## Work request
Every entry below must be transcribed word for word, and the images must be left out.

++++ The records ++++

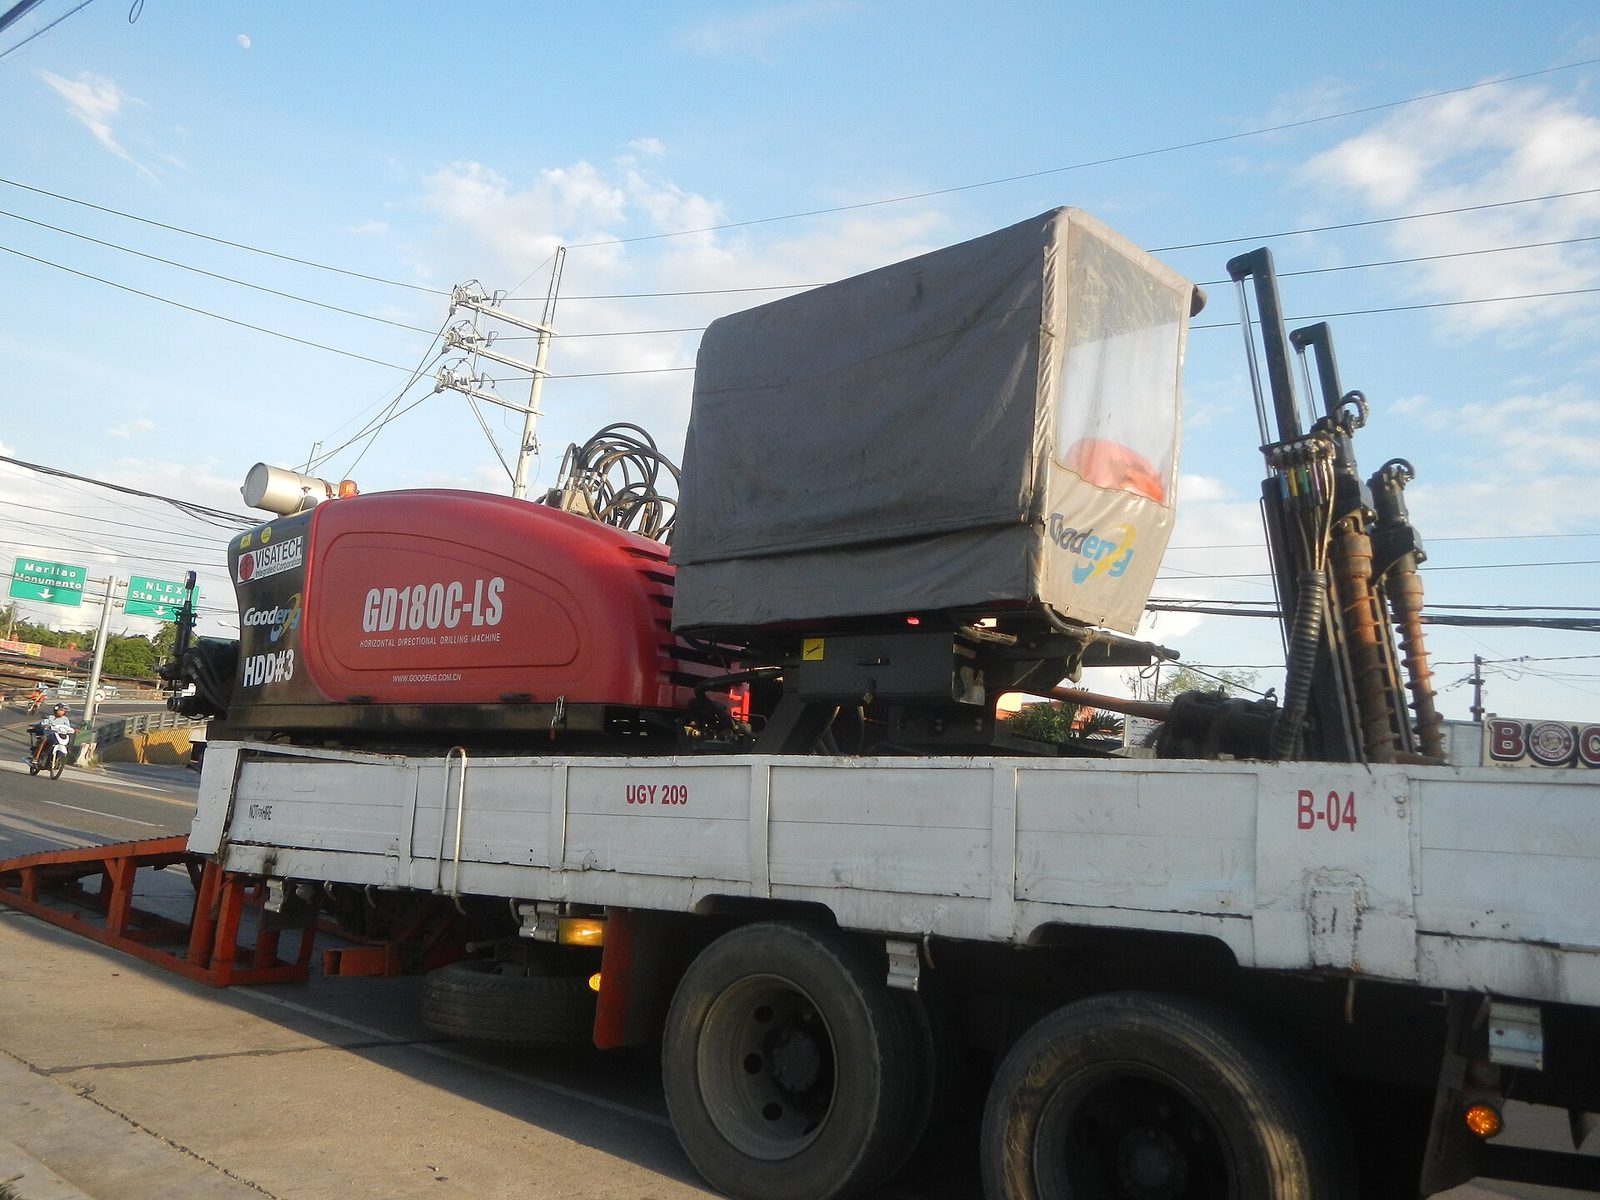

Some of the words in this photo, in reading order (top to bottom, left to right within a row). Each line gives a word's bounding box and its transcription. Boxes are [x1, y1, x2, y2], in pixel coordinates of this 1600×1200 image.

[255, 537, 303, 569] VISATECH
[24, 562, 77, 578] Marilao
[14, 572, 82, 589] Monumento
[145, 581, 184, 595] NLEX
[132, 590, 156, 602] Sta.
[159, 594, 187, 606] Mari
[362, 576, 505, 633] GD180C-LS
[359, 637, 395, 648] HORIZONTAL
[397, 636, 437, 646] DIRECTIONAL
[440, 634, 468, 644] DRILLING
[471, 632, 500, 643] MACHINE
[243, 648, 295, 687] HDD#3
[392, 673, 462, 683] WWW.GOODENG.COM.CN
[626, 784, 657, 804] UGY
[661, 784, 688, 805] 209
[1297, 789, 1357, 832] B-04

++++

## Answer for this exercise
Some of the words in this photo, in reading order (top to bottom, left to right within a row). Each line gives a word's bounding box and its transcription. Boxes are [x1, y1, x2, y2], in pixel coordinates of this 1600×1200 image.

[255, 537, 303, 569] VISATECH
[24, 562, 77, 578] Marilao
[14, 572, 82, 589] Monumento
[145, 581, 184, 595] NLEX
[132, 590, 156, 602] Sta.
[159, 594, 187, 606] Mari
[362, 576, 505, 633] GD180C-LS
[359, 637, 395, 648] HORIZONTAL
[397, 636, 437, 646] DIRECTIONAL
[440, 634, 468, 644] DRILLING
[471, 632, 500, 643] MACHINE
[243, 648, 295, 687] HDD#3
[392, 673, 462, 683] WWW.GOODENG.COM.CN
[626, 784, 657, 804] UGY
[661, 784, 688, 805] 209
[1297, 789, 1357, 832] B-04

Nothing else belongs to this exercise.